Glucagon-like peptide (GLP)-1 receptor agonist treatment improves β-cell function. In this study, we investigated whether the improvements are sustained during a 3-year treatment period.

Sixty-nine metformin-treated type 2 diabetes patients were randomised to the GLP1 receptor agonist, exenatide (EXE) twice daily (BID) or to insulin glargine (GLAR). β-cell function parameters were derived using the Mari model from standardised breakfast and lunch meals that were administered before treatment, and after 1 and 3 years of treatment. EXE was administered before breakfast.
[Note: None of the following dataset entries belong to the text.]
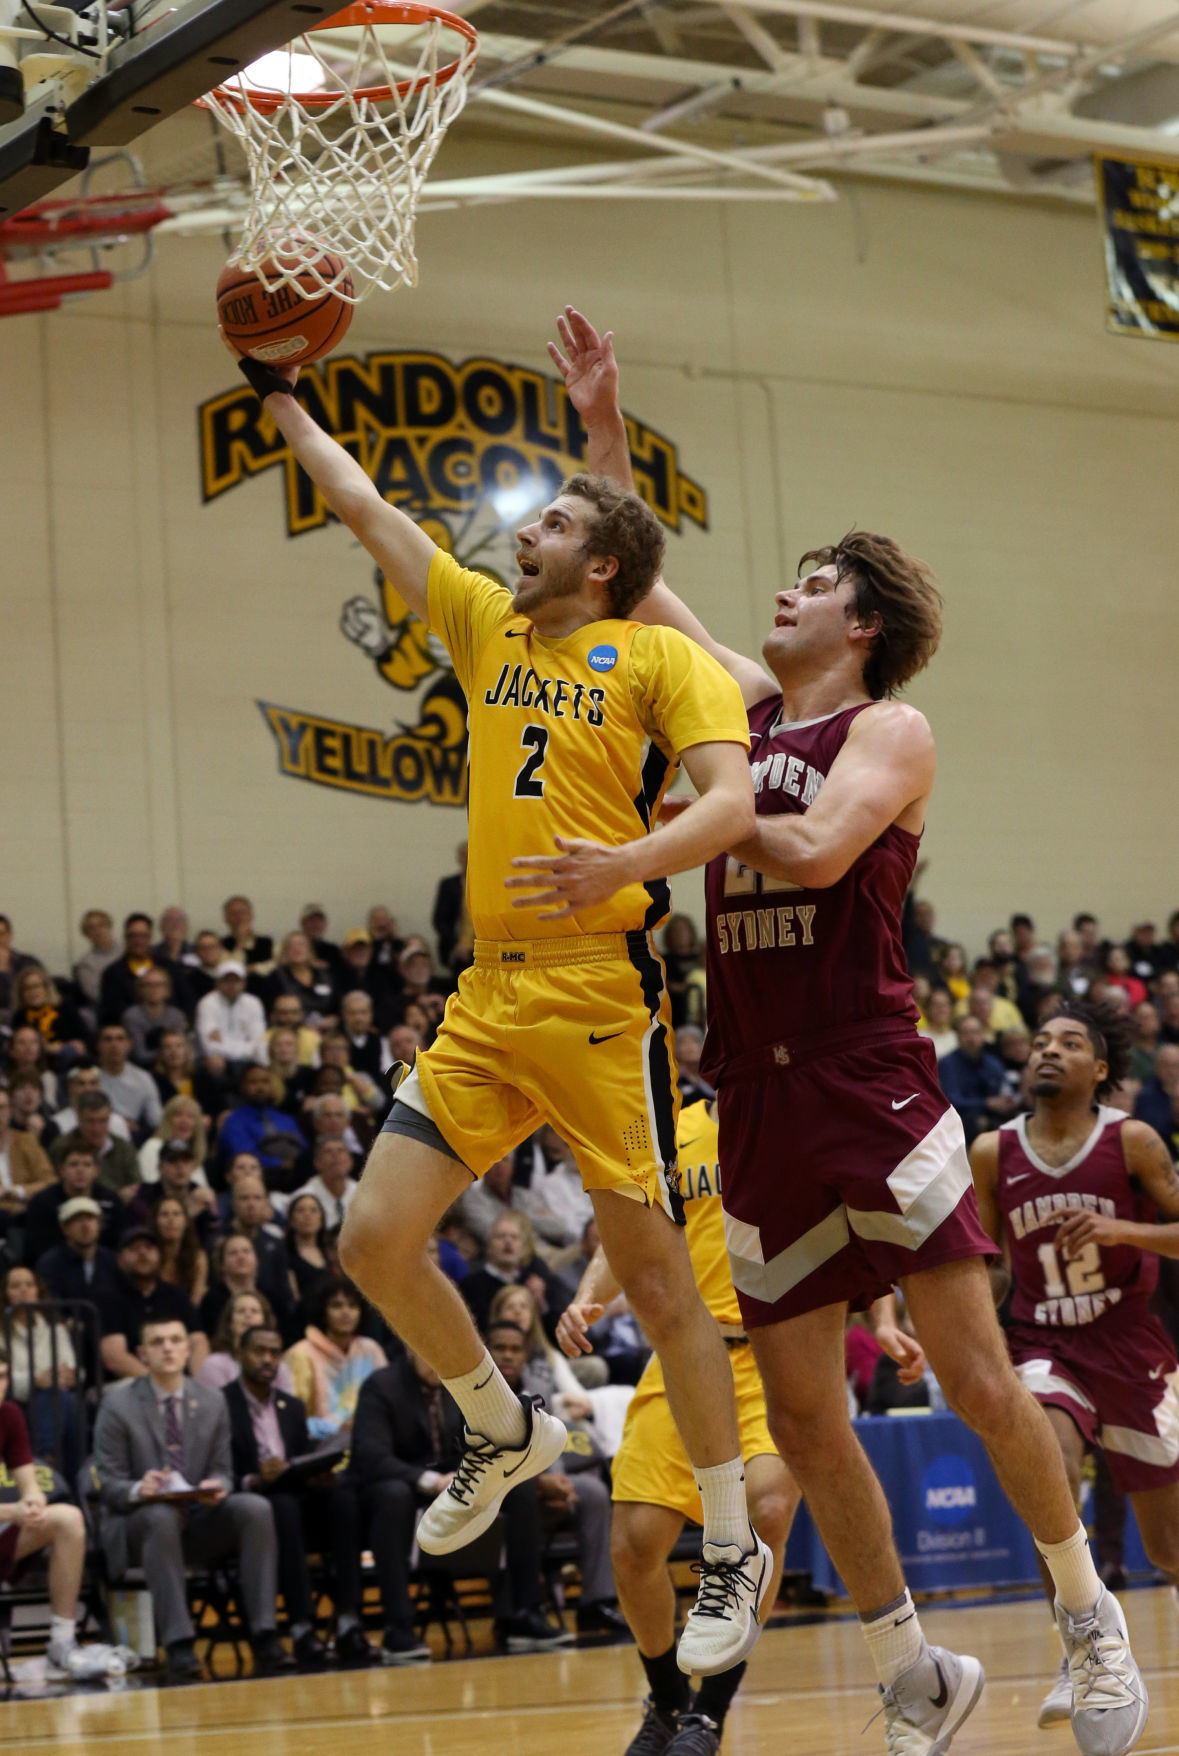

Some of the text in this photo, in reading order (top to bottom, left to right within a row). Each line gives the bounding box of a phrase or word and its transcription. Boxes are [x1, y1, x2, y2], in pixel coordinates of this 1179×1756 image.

[590, 655, 616, 665] NCAA
[484, 662, 606, 728] JACKETS
[275, 712, 468, 800] YELLOW
[512, 723, 549, 800] 2
[716, 904, 817, 955] SYDNEY
[1037, 1240, 1106, 1298] 12
[925, 1485, 977, 1510] NCAA
Fifty-nine (EXE: n = 30; GLAR: n = 29) and thirty-six (EXE: n = 16; GLAR: n = 20) patients completed the meal at 1- and 3-year treatment respectively. After 3 years, groups had comparable glycaemic control (HbA1c: EXE 6.6 ± 0.2% and GLAR 6.9 ± 0.2%; P = 0.216). Compared with GLAR, at 1 and 3 years, EXE induced a stronger reduction in post-breakfast glucose concentrations (P < 0.001), with lower C-peptide levels (P < 0.001). Compared with GLAR, EXE increased insulin secretion at 8 mmol/L glucose throughout the study period (P < 0.01). Both treatments improved β-cell glucose sensitivity after 1-year treatment. However, only EXE treatment sustained this improvement for 3 years. No consistent changes in other β-cell parameters including rate sensitivity and potentiation were observed.

Compared with GLAR, EXE improved the parameters of β-cell function, especially insulin secretion at 8 mmol/L glucose and β-cell glucose sensitivity, which was sustained during the 3-year treatment period.